About this task |
Any picture among the records should be left out, please; retype the rest exactly.

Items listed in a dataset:
=== Begin Enclosure ===

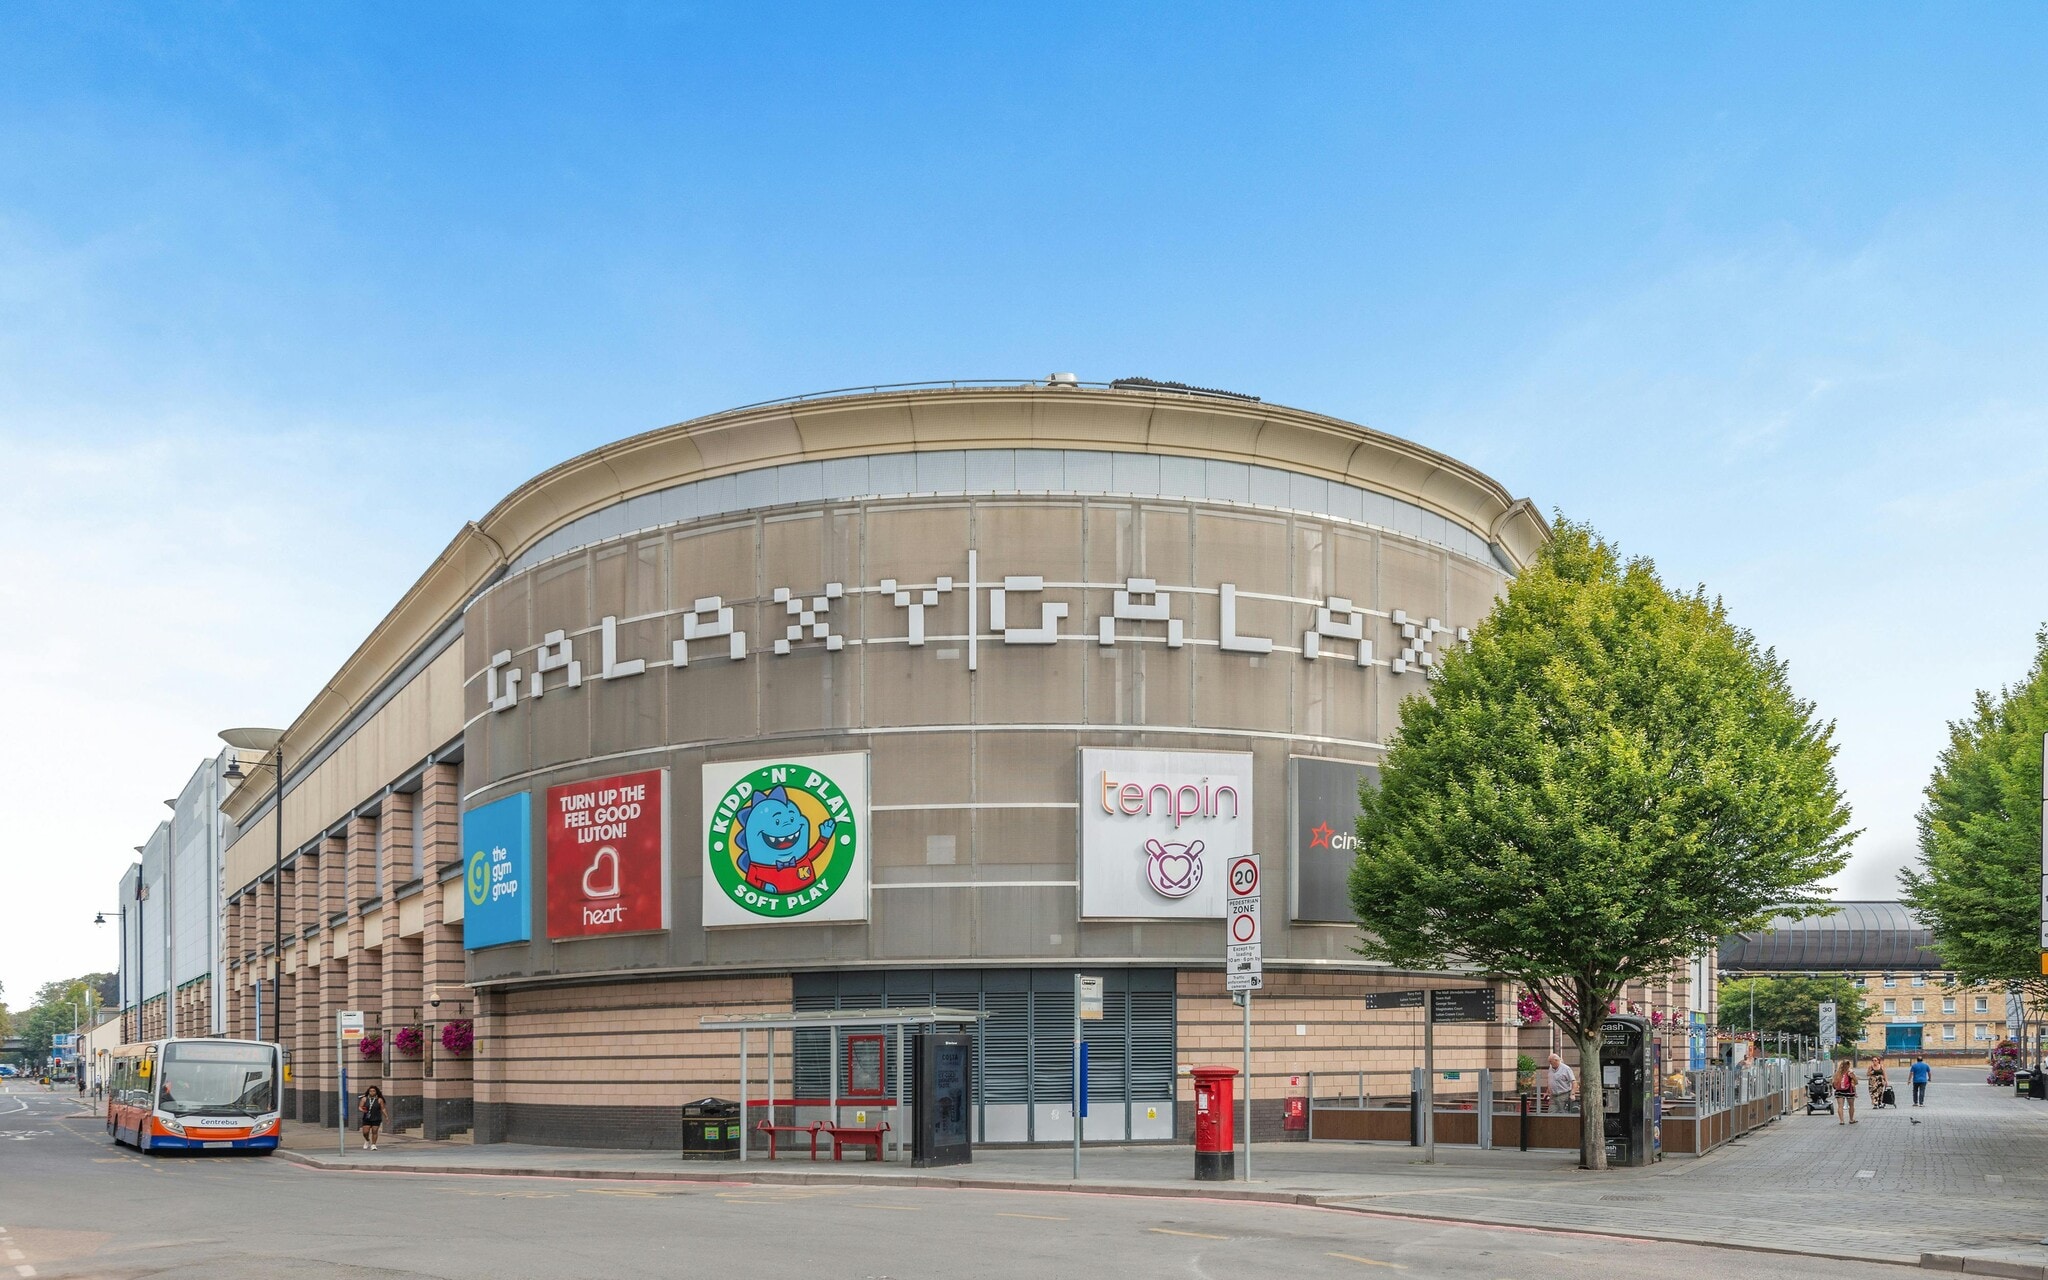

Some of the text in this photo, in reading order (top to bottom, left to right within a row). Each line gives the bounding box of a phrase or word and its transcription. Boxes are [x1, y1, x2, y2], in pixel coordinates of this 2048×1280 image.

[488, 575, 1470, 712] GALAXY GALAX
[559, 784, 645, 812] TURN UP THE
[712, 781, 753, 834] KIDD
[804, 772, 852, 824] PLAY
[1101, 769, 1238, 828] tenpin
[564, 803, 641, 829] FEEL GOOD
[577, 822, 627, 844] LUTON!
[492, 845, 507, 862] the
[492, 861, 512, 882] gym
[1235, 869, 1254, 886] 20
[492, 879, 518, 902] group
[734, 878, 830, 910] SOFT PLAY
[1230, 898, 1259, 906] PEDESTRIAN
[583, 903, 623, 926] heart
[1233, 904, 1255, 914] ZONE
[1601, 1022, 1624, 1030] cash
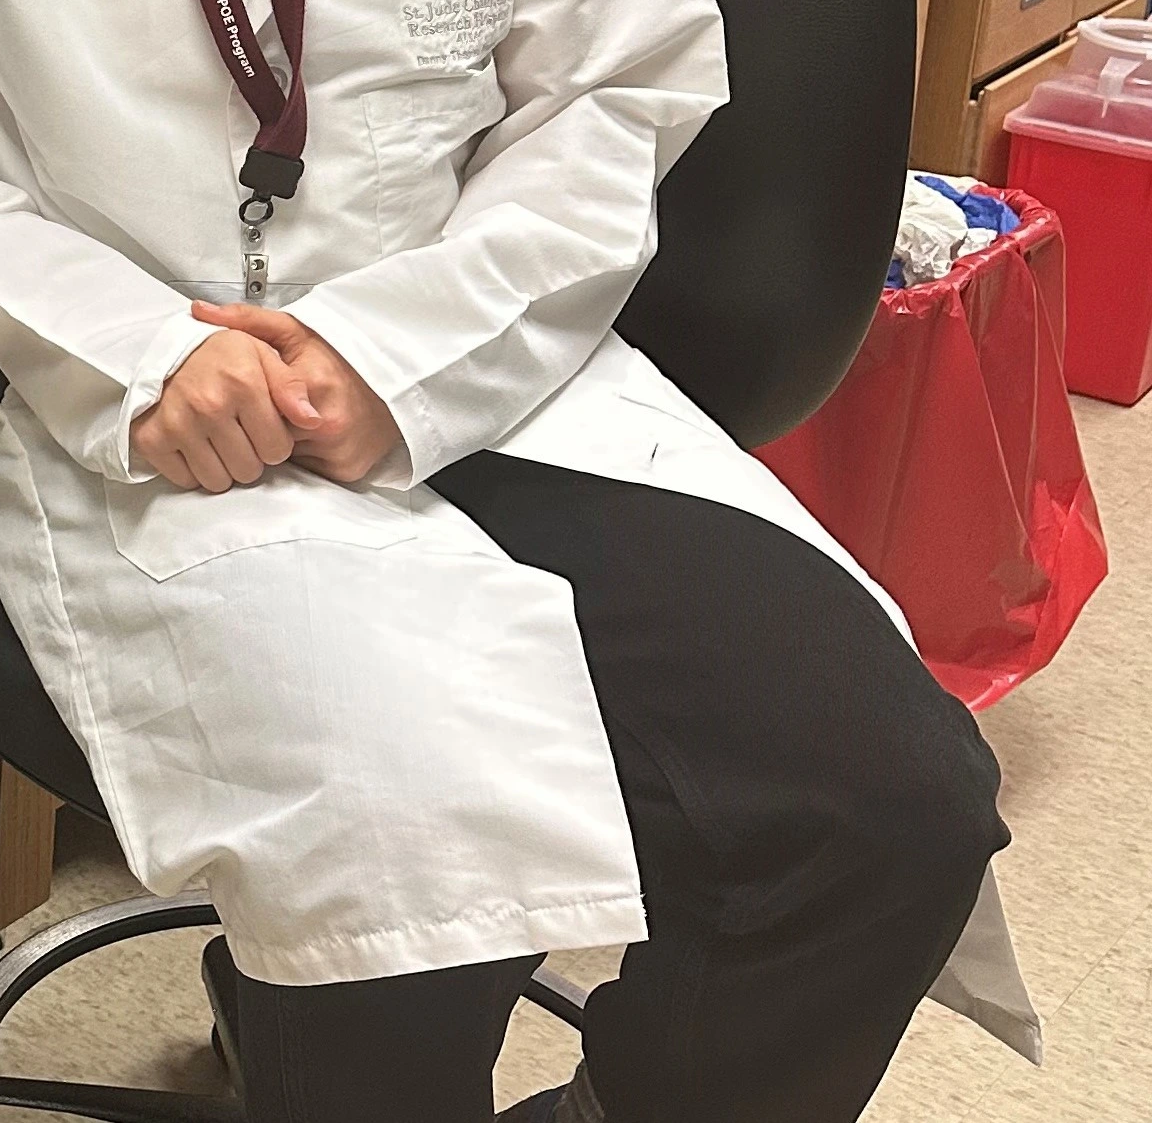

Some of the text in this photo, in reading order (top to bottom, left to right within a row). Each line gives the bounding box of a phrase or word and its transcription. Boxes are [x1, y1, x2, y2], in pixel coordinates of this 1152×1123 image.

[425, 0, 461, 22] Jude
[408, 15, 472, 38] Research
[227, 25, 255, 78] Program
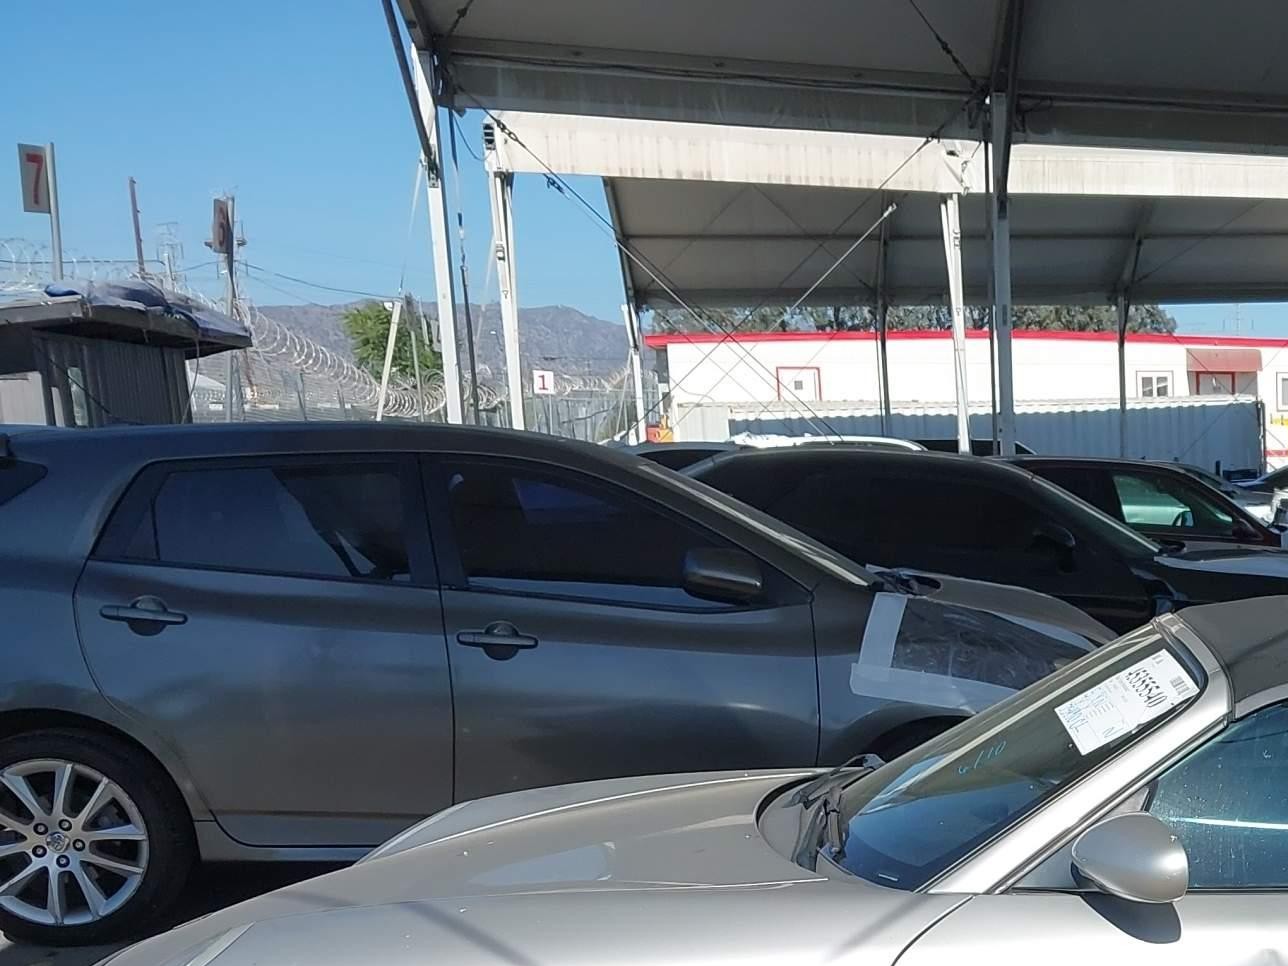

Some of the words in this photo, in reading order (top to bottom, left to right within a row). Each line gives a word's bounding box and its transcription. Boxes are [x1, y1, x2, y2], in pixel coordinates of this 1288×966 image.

=== End Enclosure ===

Solution |
Some of the text in this photo, in reading order (top to bottom, left to right within a row). Each line gives the bounding box of a phrase or word and its transcription. Boxes are [x1, y1, x2, y2], in pixel coordinates of this 2048×1280 image.

[488, 575, 1470, 712] GALAXY GALAX
[559, 784, 645, 812] TURN UP THE
[712, 781, 753, 834] KIDD
[804, 772, 852, 824] PLAY
[1101, 769, 1238, 828] tenpin
[564, 803, 641, 829] FEEL GOOD
[577, 822, 627, 844] LUTON!
[492, 845, 507, 862] the
[492, 861, 512, 882] gym
[1235, 869, 1254, 886] 20
[492, 879, 518, 902] group
[734, 878, 830, 910] SOFT PLAY
[1230, 898, 1259, 906] PEDESTRIAN
[583, 903, 623, 926] heart
[1233, 904, 1255, 914] ZONE
[1601, 1022, 1624, 1030] cash

Some of the text in this photo, in reading order (top to bottom, left to right within a row). Each line gives the bounding box of a phrase or word and its transcription. Boxes are [x1, y1, x2, y2], in pixel coordinates of this 1152×1123 image.

[425, 0, 461, 22] Jude
[408, 15, 472, 38] Research
[227, 25, 255, 78] Program

Some of the words in this photo, in reading order (top to bottom, left to right within a row). Each line gives a word's bounding box and its transcription. Boxes are [x1, y1, x2, y2], in pixel coordinates of this 1288×966 image.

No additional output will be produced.